Земля под ногами вздрогнула, бесчисленные монеты зазвенели и стали сходить оползнями с холмов, и по спине Оредина пробежал холодок. А потом над дальними золотыми вершинами поднялся шипастый хребет, поднялись и опустились рваные паруса крыльев, — волна раскалённого воздуха пронеслась по кратеру. Медленно, создавая тряску при каждом шаге, чудовище выбралось к озеру. У дракона был непомерно раздутый живот, тёмно-красная, почти бурая чешуя, тусклая и облезлая, костяной панцирь покрывали трещины и не хватало рога.

Он замер, ступив передними лапами в кипящее золото, долго смотрел на невероятный кристалл, будто думая о чём-то, и, наконец, подступил к кровавому подношению. Трупы успели отчасти прогореть, но, всё, что осталось, было поглощено. Потом огромная голова поднялась, дракон повёл носом, изогнул шею и побрёл к двум крошечным существам, наблюдавшим издали. По мере того, как змей неба надвигался, раскачиваясь на слабых ногах, низко держа голову, Оредин чувствовал, как из глубины души поднимался ужас. Голова опустилась, поблёкшие жёлтые глаза вглядывались подслеповато, отчего чудовище напомнило старого Озрика.
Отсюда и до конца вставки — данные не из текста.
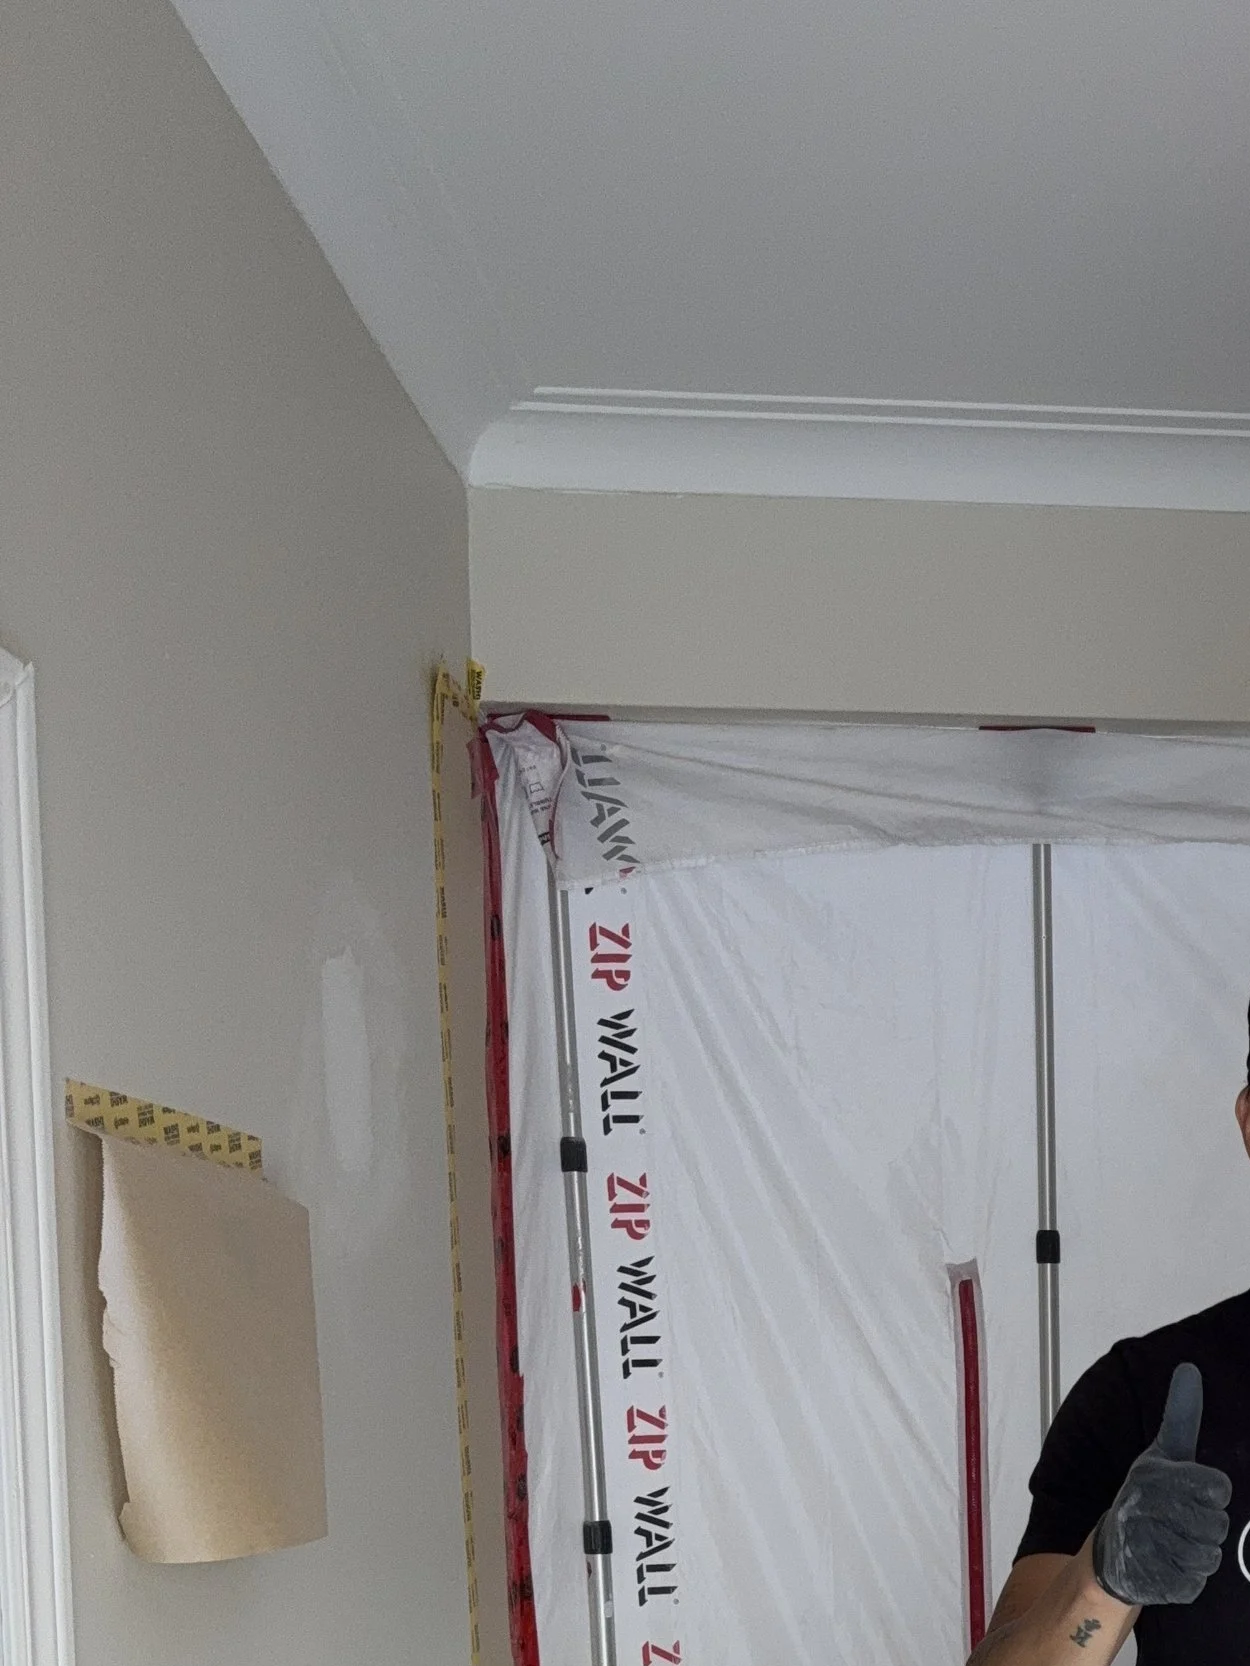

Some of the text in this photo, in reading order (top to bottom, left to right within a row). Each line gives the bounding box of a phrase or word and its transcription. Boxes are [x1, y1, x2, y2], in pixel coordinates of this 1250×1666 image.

«Старый дракон! Всё правда, от первого до последнего слова!»

Вдруг внимание наследника крови привлекло движение, на периферии что-то мелькнула с одного из золотых холмов осыпалось золото, а через миг там поднялся широкий кряжистый силуэт, истекающий паром. Раздался грозный вопль, и рука занесла для броска очень длинное копьё. Оредин не мог поверить своим глазам, кавалькадой в голове пронеслись мысли о том, что в последний раз он видел мастера Глосротона ещё до того, как корпус покинул Пепельный дол ради обманного манёвра. Неужели драконоборец отстал от сородичей и притаился в долине? Что за безумие им…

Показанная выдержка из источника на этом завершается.